Remake publishes fashion accountability report for 2022

The Remake workers’ rights NGO has published its 2022 Fashion Accountability Report in which it continues its efforts to expose brands’ transparency issues and unethical supply chains within the industry.

The organization claimed that for its 2022 report, it was directly addressing the surge in overproduction and the exploitation of garment workers that have been made worse over a previous couple of years as a result of numerous events.

The NGO has updated its review system and added more businesses to its list of eligible targets in an effort to broaden the scope of its examination beyond its customary emphasis on transparency.

The fashion sector is under increasing pressure to change its operating procedures and respond to the climate problem, and the report provides several statistics from organizations like The World Economic Forum to highlight how urgent the situation is.

Remake also mentioned its most recent “#Payup” campaign, which urged companies to promise to pay garment workers retroactively for completed orders.

“The trajectory of events over the past couple of years have made it evident that openness is not enough,” the organization continued. “Transparency is a core pillar of ethical and sustainable fashion.

Today, encouraging responsible consumption has become more difficult. Being a conscious consumer in the fast-fashion industry today entails more than just making ethical purchases.

Conscious industries require conscious consumers. This necessitates completely new business models that provide equity for their workers while operating within the constraints of our planet’s finite resources.

Remake claimed to have revised its assessment criteria for the 58 corporations this year, with a renewed emphasis on action and development in place of its customary transparency-related requirements.

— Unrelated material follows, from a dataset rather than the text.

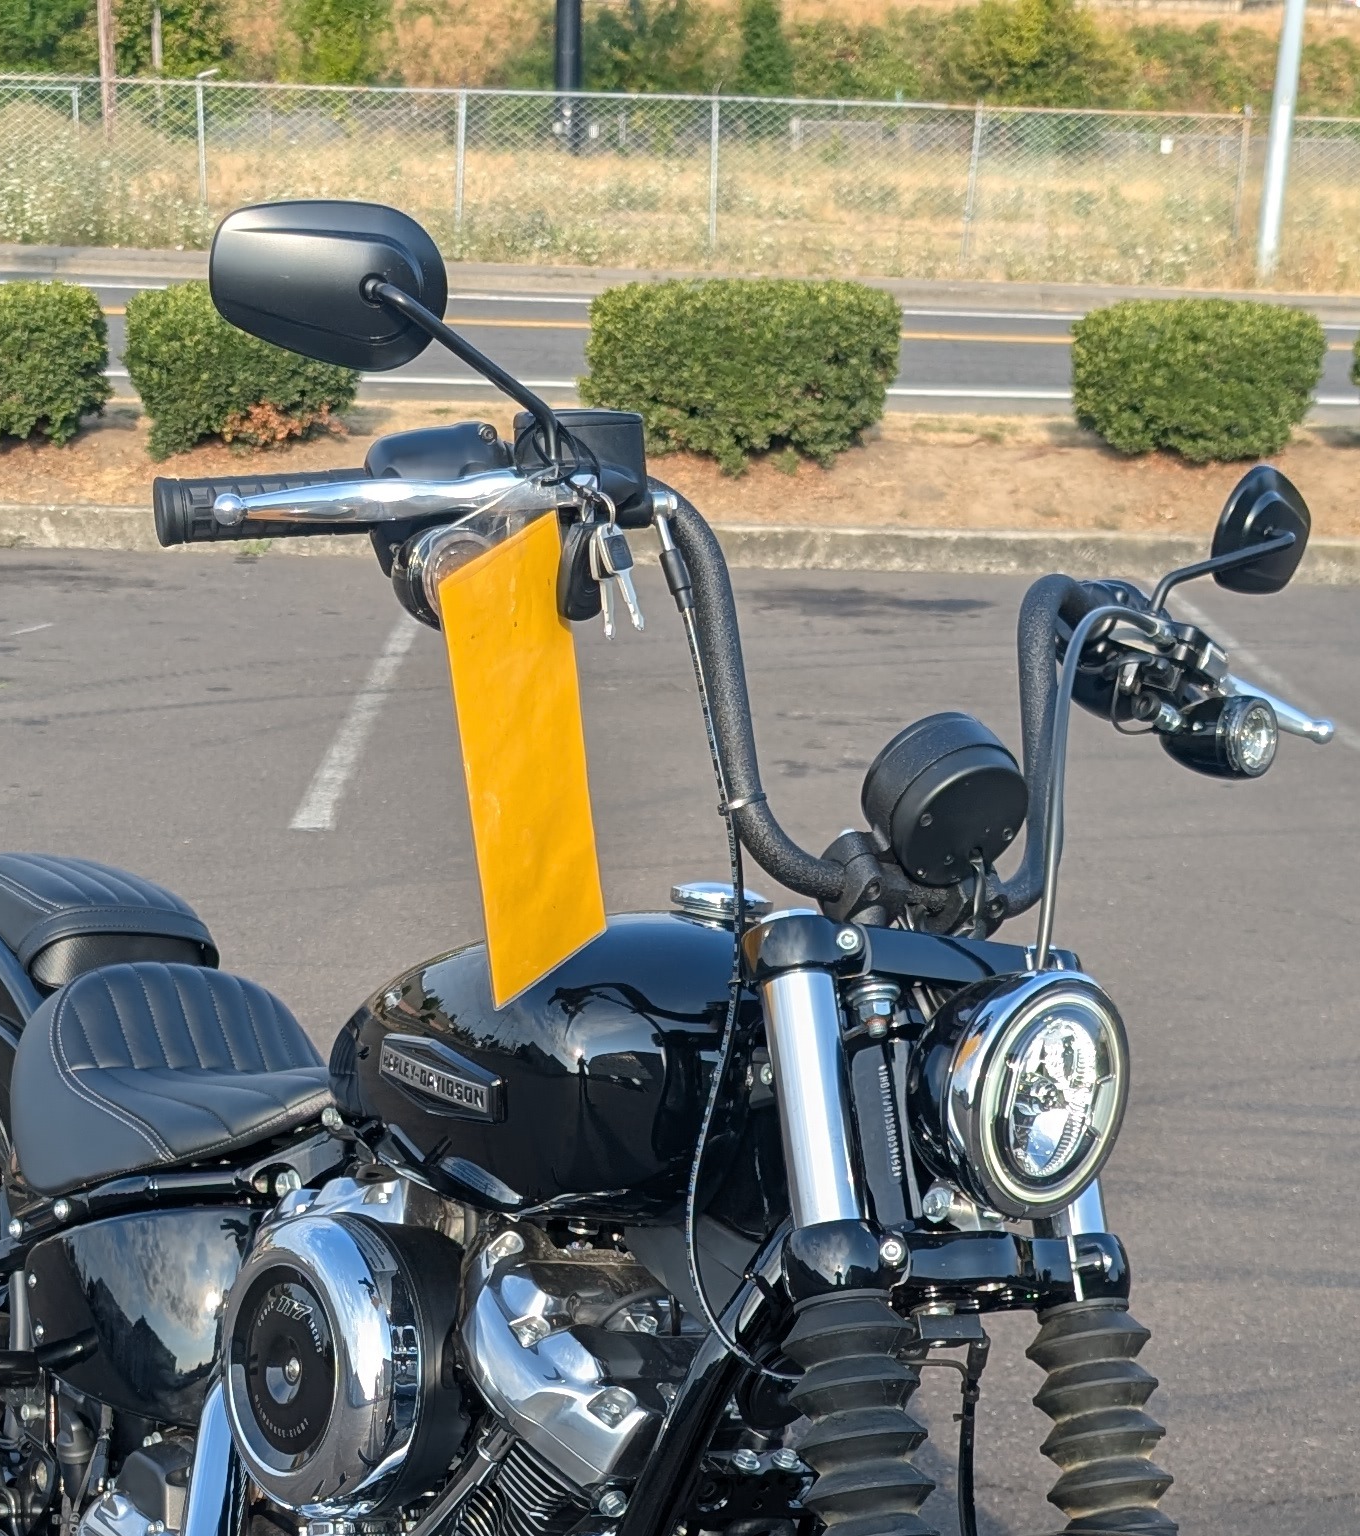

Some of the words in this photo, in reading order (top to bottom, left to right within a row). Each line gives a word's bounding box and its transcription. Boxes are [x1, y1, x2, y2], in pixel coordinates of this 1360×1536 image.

[382, 1051, 486, 1108] HARLEY-DAVIDSON
[257, 1301, 275, 1327] CUBIC
[276, 1295, 314, 1321] 117
[307, 1317, 323, 1353] INCHES

Companies were also to be assessed on pay and wellness, business methods, raw materials, environmental justice, and governance. The final requirement was now only worth eight points.

the supply chain’s involvement in pandemic-related wage theft, ties to the revised End Uyghur Forced Labor group, and promises to the International Accord.

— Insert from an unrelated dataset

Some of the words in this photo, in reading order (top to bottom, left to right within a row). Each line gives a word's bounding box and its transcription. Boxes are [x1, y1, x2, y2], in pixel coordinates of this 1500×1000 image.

Remake pointed out that, in the end, it scored brands based on their fundamental business models, not just their practices. As a result, businesses that relied on excess production and put an emphasis on excess sales would be automatically disqualified from receiving points in a number of categories.

With a combined score of 38 points, Burberry and Everlane grabbed the top two spots on the list. Both businesses were honored for integrating “sustainably-led” corporate governance and regenerative processes into their business plans. Next in line for praise for their environmental initiatives were Levi’s, Reformation, and H&M.

The lowest-scoring companies for 2022 included URBN Group, TJX, Forever 21, and Abercrombie & Fitch, who were all assigned two points and criticized for demonstrating “no development in any assessment category.”

Ross Dress for Less and The Edinburgh Woollen Mill both scored zero ratings, placing them at the bottom of the list. Remake noted that The Edinburgh Woollen Mill had been canceling orders without paying its suppliers.